Monday, April 17, 2017

Basic VLOOKUP (MS-Excel)

A very important function that every data scientist should be aware of, as it is very helpful when compiling small data sets, is the VLOOKUP function within Excel. Essentially what this function allows the user to achieve, is the comparison and matching of data from one Excel workbook to another.

For our sample demonstration, let’s imagine that you have data within one Excel workbook that contains various types of cars within your dealer inventory. The second workbook contains the amount of those cars previously sold from your inventory.
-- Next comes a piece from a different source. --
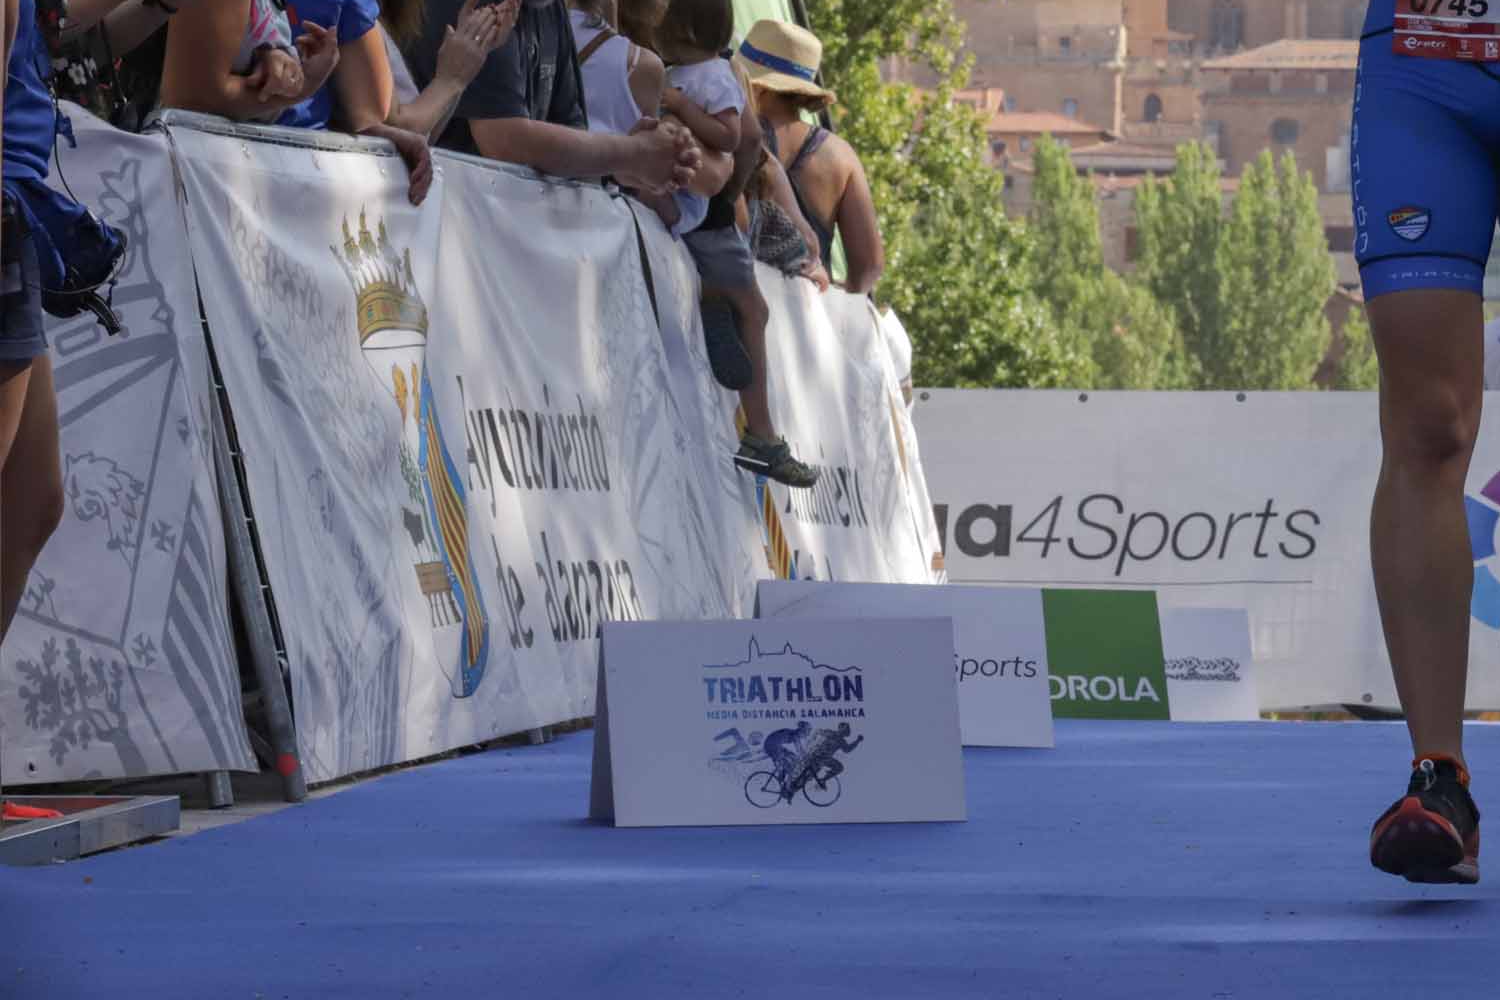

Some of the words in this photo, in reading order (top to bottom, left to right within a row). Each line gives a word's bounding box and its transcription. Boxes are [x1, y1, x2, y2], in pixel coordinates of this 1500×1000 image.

When comparing matching car variables, instead of having to painstakingly read off of one sheet and manually enter or paste the values of matching entries into the first sheet, you can utilize VLOOKUP.

Example Sheet 1:


Example Sheet 2:


First, you will need to decide on the destination cell for the data that you will be referencing. In the case of our example, the destination cell will be cell C2 on sheet1 of workbook1. The data being referenced exists on sheet1 of workbook2. For this example to work, and for VLOOKUP to work in general, THE DATA BEING REFERENCED MUST BE LOCATED ON A SEPARATE SHEET OF A SEPARATE WORKBOOK. 


The VLOOKUP example looks complicated but don't be intimidated, the VLOOKUP function is actually incredibly easy to utilize.

There are 4 variables that must be entered within the VLOOKUP function for it to work properly.

=VLOOKUP(A,B,C,D)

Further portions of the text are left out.